Last Friday, White House officials made at least two public references to Presidential Policy Directives (PPDs). PPD 1 was cited in a new executive order on computer security and PPD 8 was cited in a White House blog posting on disaster preparedness. Each Directive is a significant expression of national policy. Neither one is classified. And yet neither of them — nor any other Obama Presidential Policy Directive — can be found on the White House website.
The White House decision not to make these documents available is a stark reminder of the incoherence of the Obama Administration’s transparency policy, and its inconsistent implementation.
“Information maintained by the Federal Government is a national asset,” President Obama wrote in his January 21, 2009 memo on transparency and open government. “My Administration will take appropriate action, consistent with law and policy, to disclose information rapidly in forms that the public can readily find and use. Executive departments and agencies should harness new technologies to put information about their operations and decisions online and readily available to the public.”
But as the withholding of the presidential directives illustrates, not even the Obama White House itself complies with this policy, and so its impact in the farther reaches of the executive branch has been muted. Those who seek access to Presidential Policy Directives must look elsewhere.
“I think it’s general policy that we can release a detailed summary of [PPDs],” said deputy national security adviser Michael Froman at a September 22, 2010 White House press briefing, “but as I understand the policy, [it is] not to release the PPDs themselves.”
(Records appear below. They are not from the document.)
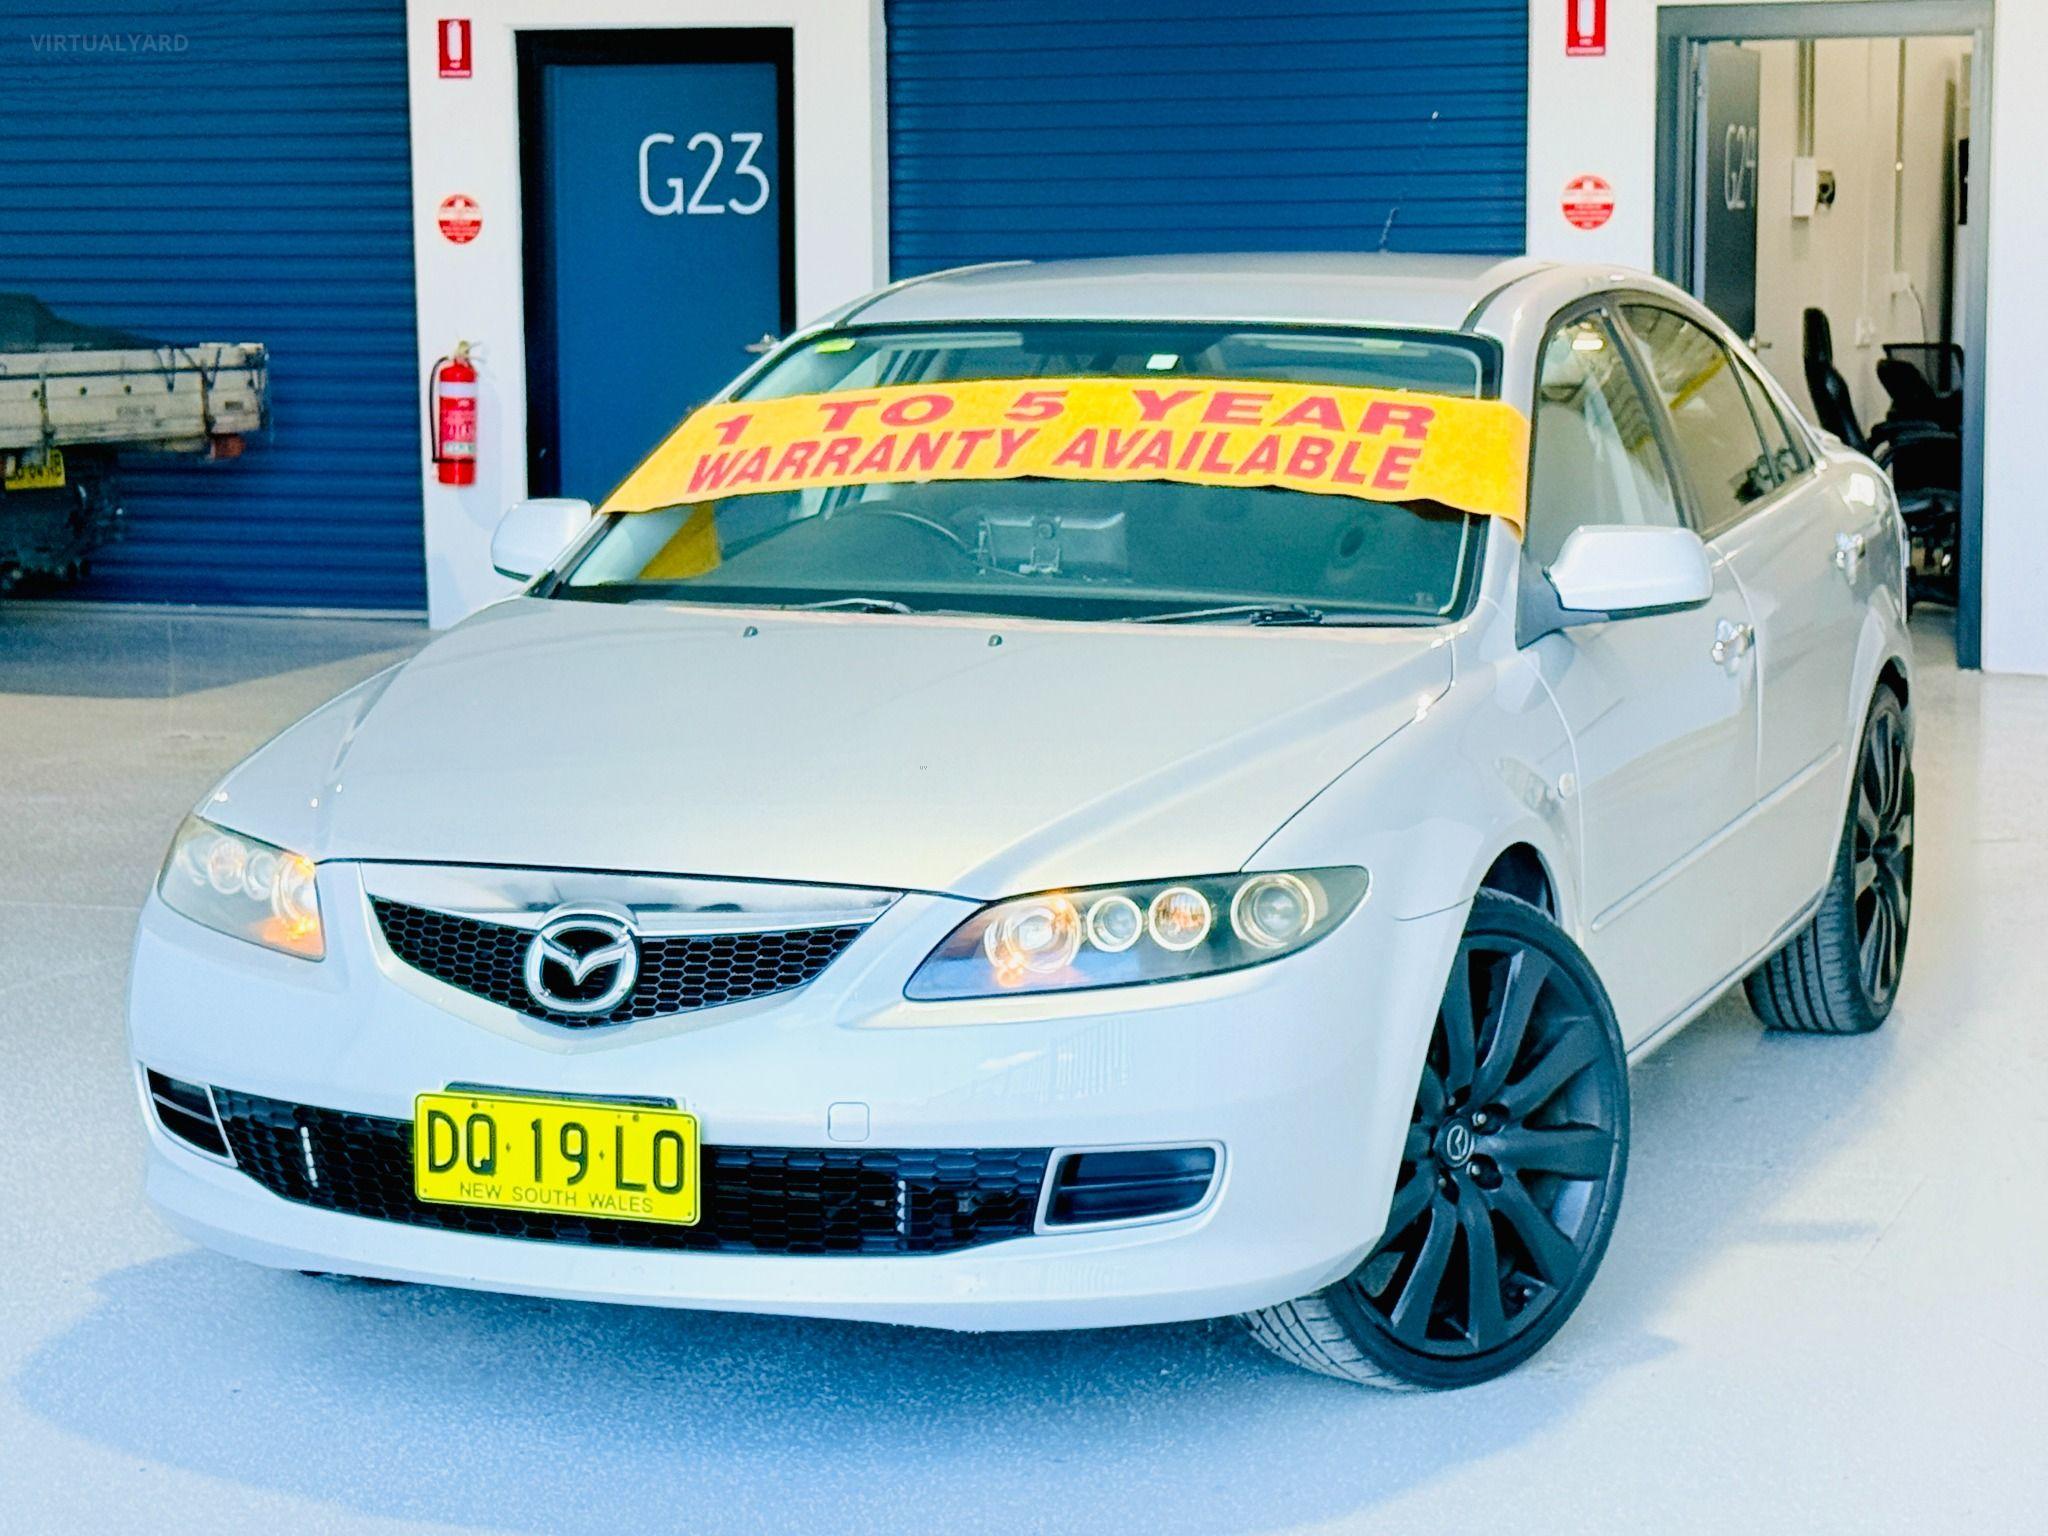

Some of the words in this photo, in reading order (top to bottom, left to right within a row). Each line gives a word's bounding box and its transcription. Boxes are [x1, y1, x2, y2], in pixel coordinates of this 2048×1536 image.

[638, 131, 771, 217] G23
[714, 414, 754, 446] 1
[818, 394, 954, 433] TO
[1004, 391, 1069, 422] 5
[1132, 390, 1436, 439] YEAR
[686, 428, 1040, 495] WARRANTY
[1051, 428, 1422, 491] AVAILABLE
[460, 1181, 503, 1200] NEW
[511, 1185, 577, 1206] SOUTH
[588, 1192, 654, 1213] WALES
In accordance with this PPD non-disclosure policy, the Department of State last month denied a FOIA request from Gavin Baker of OMB Watch for a copy of PPD 6 on global development policy. The document was exempt from release, the State Department said, based on “the Presidential communication privilege.”
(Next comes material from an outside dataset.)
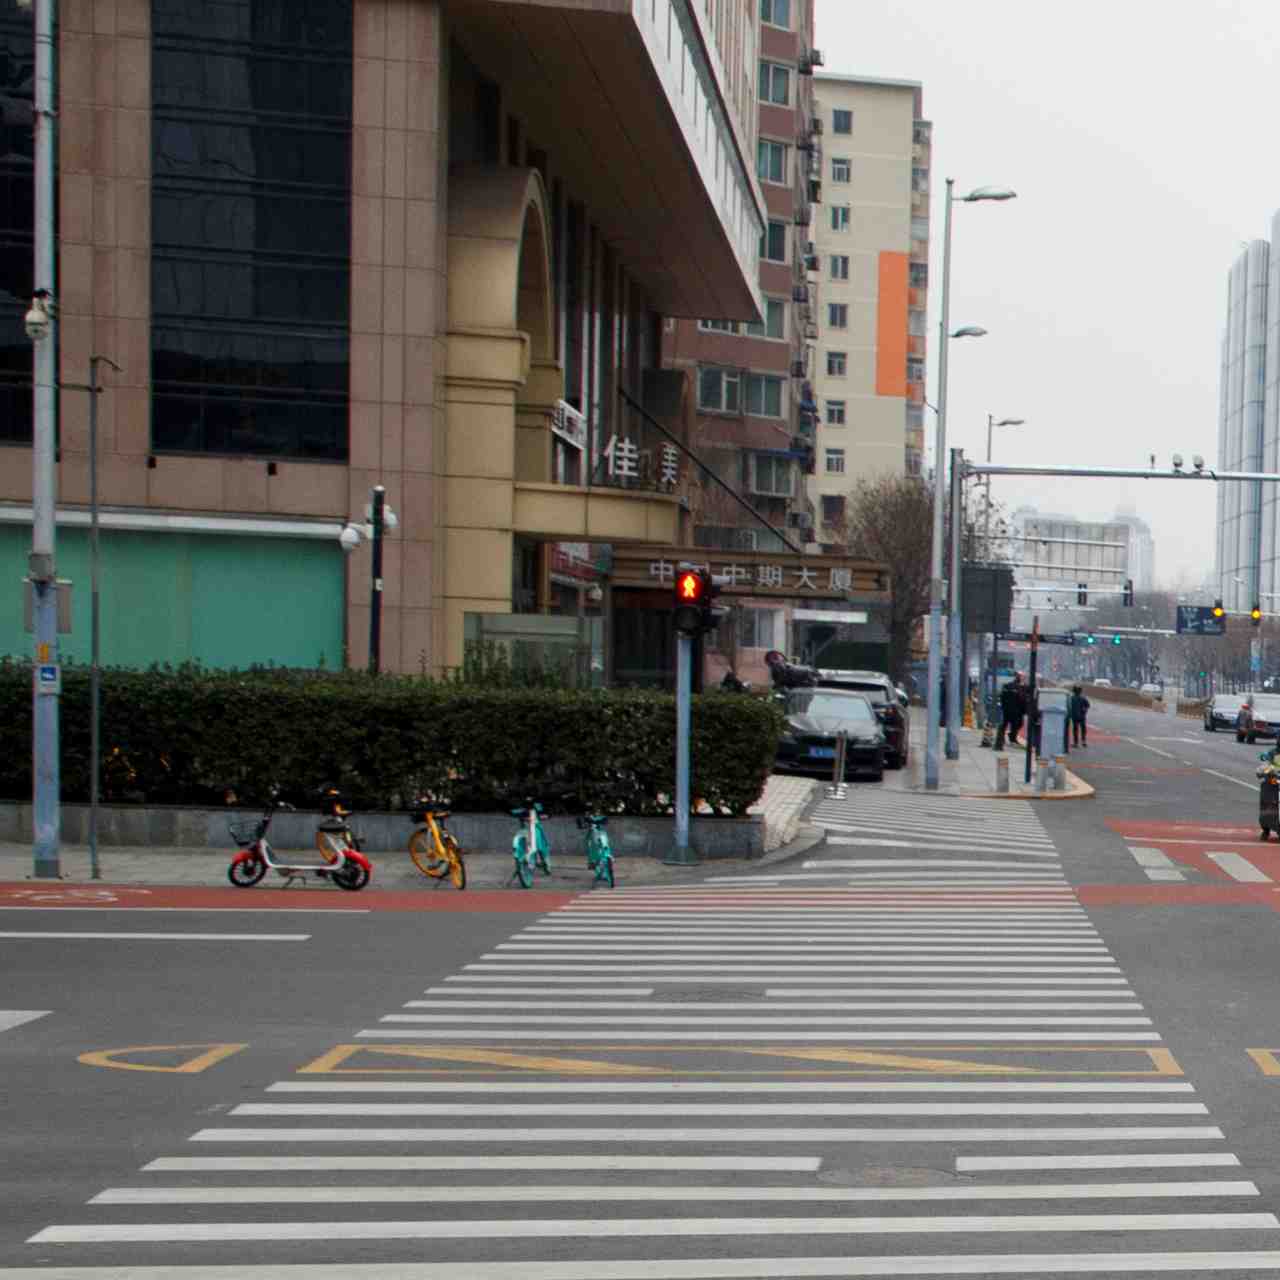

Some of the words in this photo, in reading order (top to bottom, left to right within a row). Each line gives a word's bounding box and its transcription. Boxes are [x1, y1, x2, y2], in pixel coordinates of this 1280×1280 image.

[650, 560, 854, 592] 中中期大厦
On the other hand, the full text of PPD 8 on national preparedness has been made available online by the Department of Homeland Security, despite the White House refusal to release it directly and notwithstanding any “Presidential communication privilege.”
Where secrecy has prevailed, unauthorized disclosures have also helped to fill the void in public access. PPD 1 on the Organization of the National Security Council System was obtained from a confidential source shortly after its issuance in February 2009. (The National Security Staff did release a copy of the directive after it was made available online.) PPD 2 on Implementation of the National Strategy for Countering Biological Threats was obtained by the website Public Intelligence through an inadvertent disclosure on a server for U.S. military personnel.
Although no Presidential Policy Directives have been published on the White House website, one Obama Presidential Study Directive — PSD 10 on preventing mass atrocities — was in fact published by the White House last August. This otherwise unremarkable step tends to confirm that there is no serious question of principle or privilege at stake in the decision to publish such directives. Instead, the Obama Administration’s broader anti-transparency policy on presidential directives appears to be driven by an old-fashioned imperative of secrecy for its own sake.